Over a century ago, hydropower ruled the spotty electricity utility industry. Then, coal surpassed hydropower in nationwide efficiency. Around 2005, advances in natural gas power generation surpassed coal in efficiency. Within the past decade, advances in solar and wind power surpassed natural gas in efficiency. Creative destruction theory commands the rise of more efficient technologies and the decline of less efficient technologies.
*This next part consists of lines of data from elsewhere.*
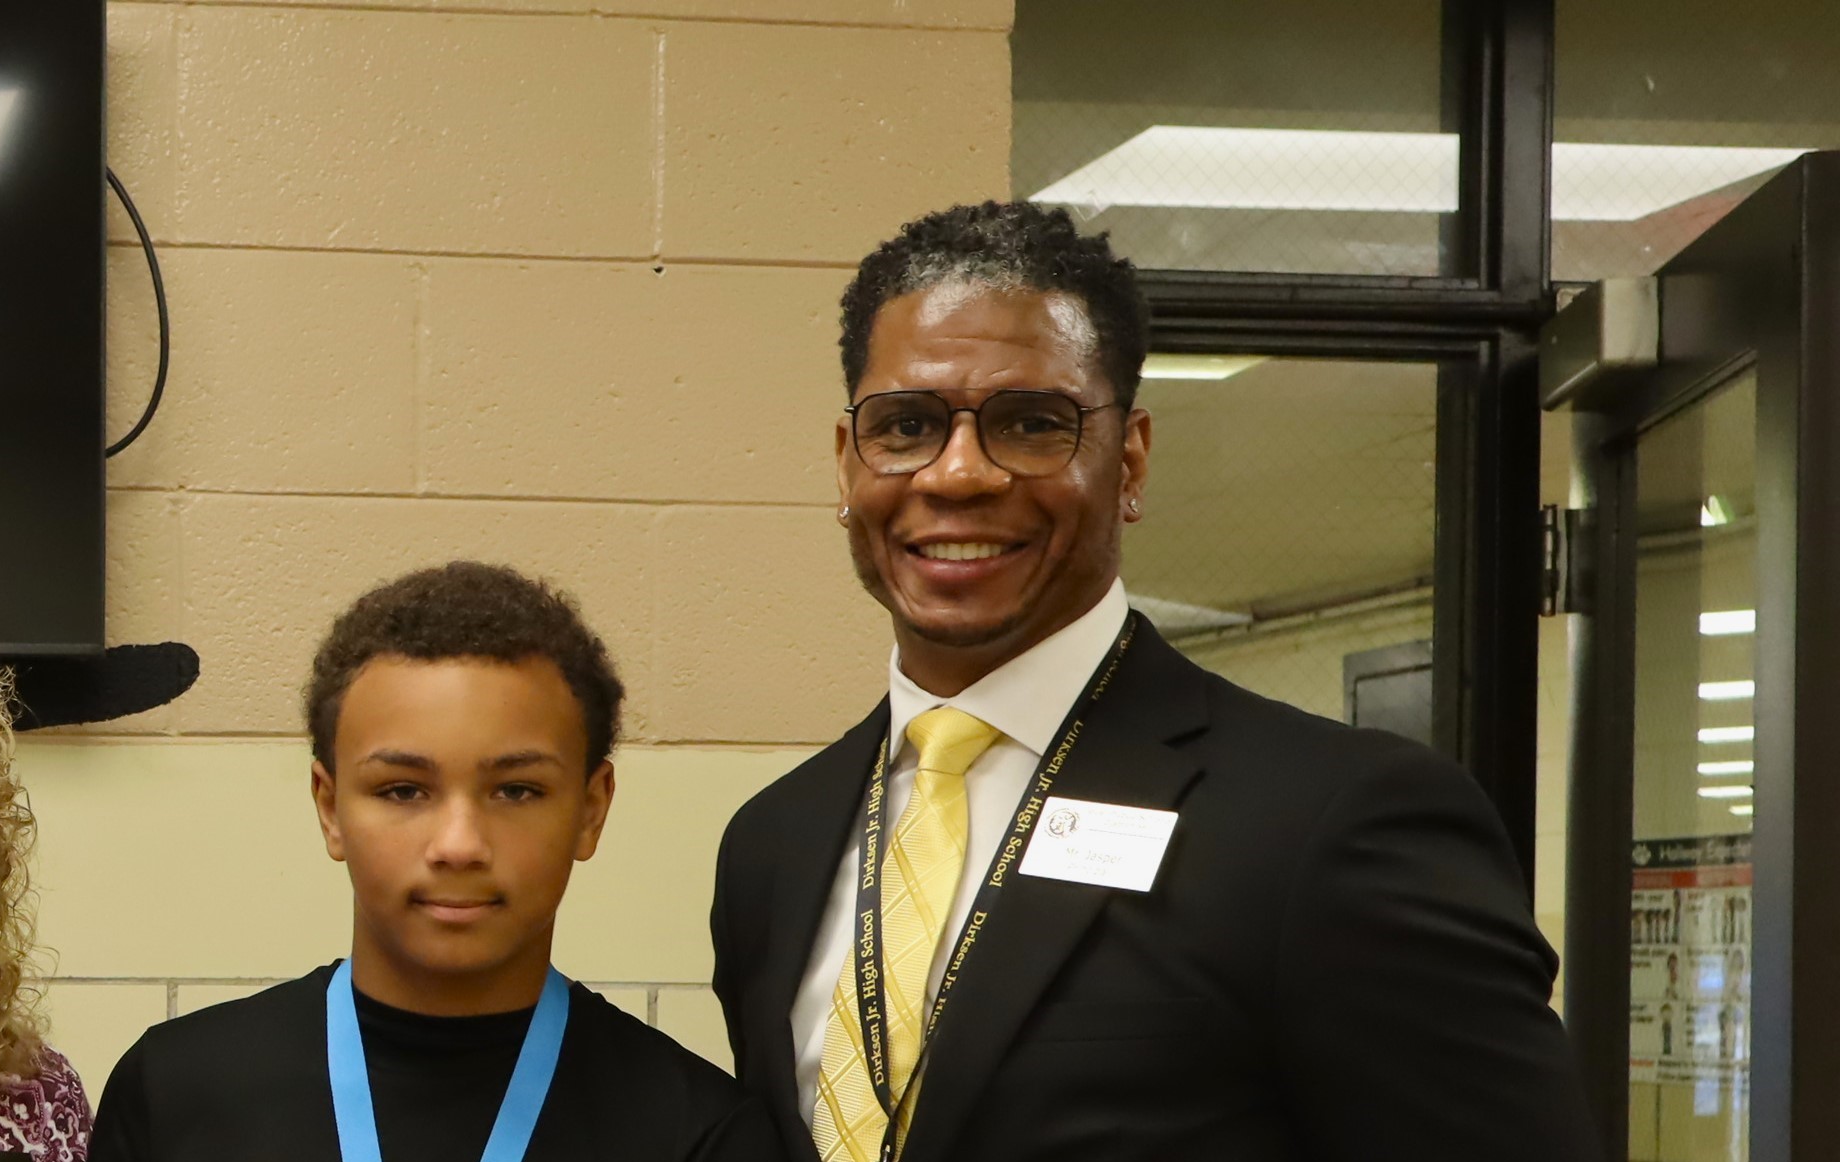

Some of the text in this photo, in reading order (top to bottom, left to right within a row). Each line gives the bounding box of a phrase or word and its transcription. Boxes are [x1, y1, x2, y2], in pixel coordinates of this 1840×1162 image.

[868, 780, 884, 815] High
[1014, 796, 1043, 834] High
[866, 815, 881, 834] Jr.
[863, 833, 879, 890] Dirksen
[988, 835, 1023, 888] School
[950, 910, 988, 971] Dirksen
[860, 908, 885, 1087] Dirksen Jr. High School
I fully expect coal and natural gas to slowly continue decline in comparative economic viability. I fully expect the current administration to continue to throw more and more taxpayer dollars at the fossil fuel industry in its effort to slow that industry’s natural decline.
Laurel says
Yeah, we’re stuck with running on dinosaurs, literally.
Ray W. says
Oil Price US reports that a new Alaskan North Shore oil field was discovered. The Pika field discovery, near Prudhoe Bay, is expected to “plateau” at 80,000 barrels of crude oil production output per day. Provable field reserves are set at 177 million barrels, though further exploration may increase that estimate.
Make of this what you will.
Me?
I have long argued that the lowest hanging American oil industry fruit was picked long ago. New supplies of crude oil are almost certainly going to be smaller in size and harder to find.
On average, prior to the outbreak of war, worldwide demand for crude oil was just over 100 million barrels per day. Finding 177 million barrels of new crude oil reserves means that less than two days of crude oil supply was just added to the world’s proven reserves.
If the Alaska pipeline coming south out of Prudhoe Bay that was finished in the 1970’s never existed, does any FlaglerLive reader believe that oil companies would be looking for such small amounts of crude oil in remote Alaskan North Shore regions? Existing infrastructure capacity can be a very persuasive investment incentive.
Arthur Fonzerellii says
If Florida is depicted as “Jim Crow” what is California PT? Aye!
Former Repukian says
Question for the effeminate guy from Minnesota mansplaining etopic pregancies…What is a woman?
Ray W. says
As of May 14, 2026, per a CDC report titled “Measles Cases and Outbreaks”, there have been 27 new outbreaks of measles cases, and 1,893 confirmed new measles patients. Many of the new patients were associated with 2025 outbreaks. 97% of the 2026 measles patients were associated with 2025 or 2026 measles outbreaks.
In all of 2025, there were 48 outbreaks of measles cases, and 2,288 new patients.
In 2000, measles as a disease was deemed eradicated from the United States.
Make of this what you will.
Me?
In a world of international travel, there can be zero measles incidents that meet the medical definition of an outbreak in the United States in any given year, but an international traveler can still bring the virus in from abroad. A deadly and highly virulent disease can be detected after arrival in the country, but never cause an outbreak, due to herd immunity. But we no longer have complete herd immunity against the measles virus anymore. Domestic outbreaks are on the rise. Individuals presenting with the disease are on the rise.
In 1962, the year prior to the issuance of the first license for a measles vaccine, and among a much smaller population base then compared to today, 481,530 confirmed measles cases were recorded in the United States, a number considered far too small to confer natural herd immunity in the American populace.
I went to a different CDC database. Between 400 and 500 people died from the measles virus in 1962, and some 100,000 of the infected experienced symptoms of encephalitis. Three people died in 2025.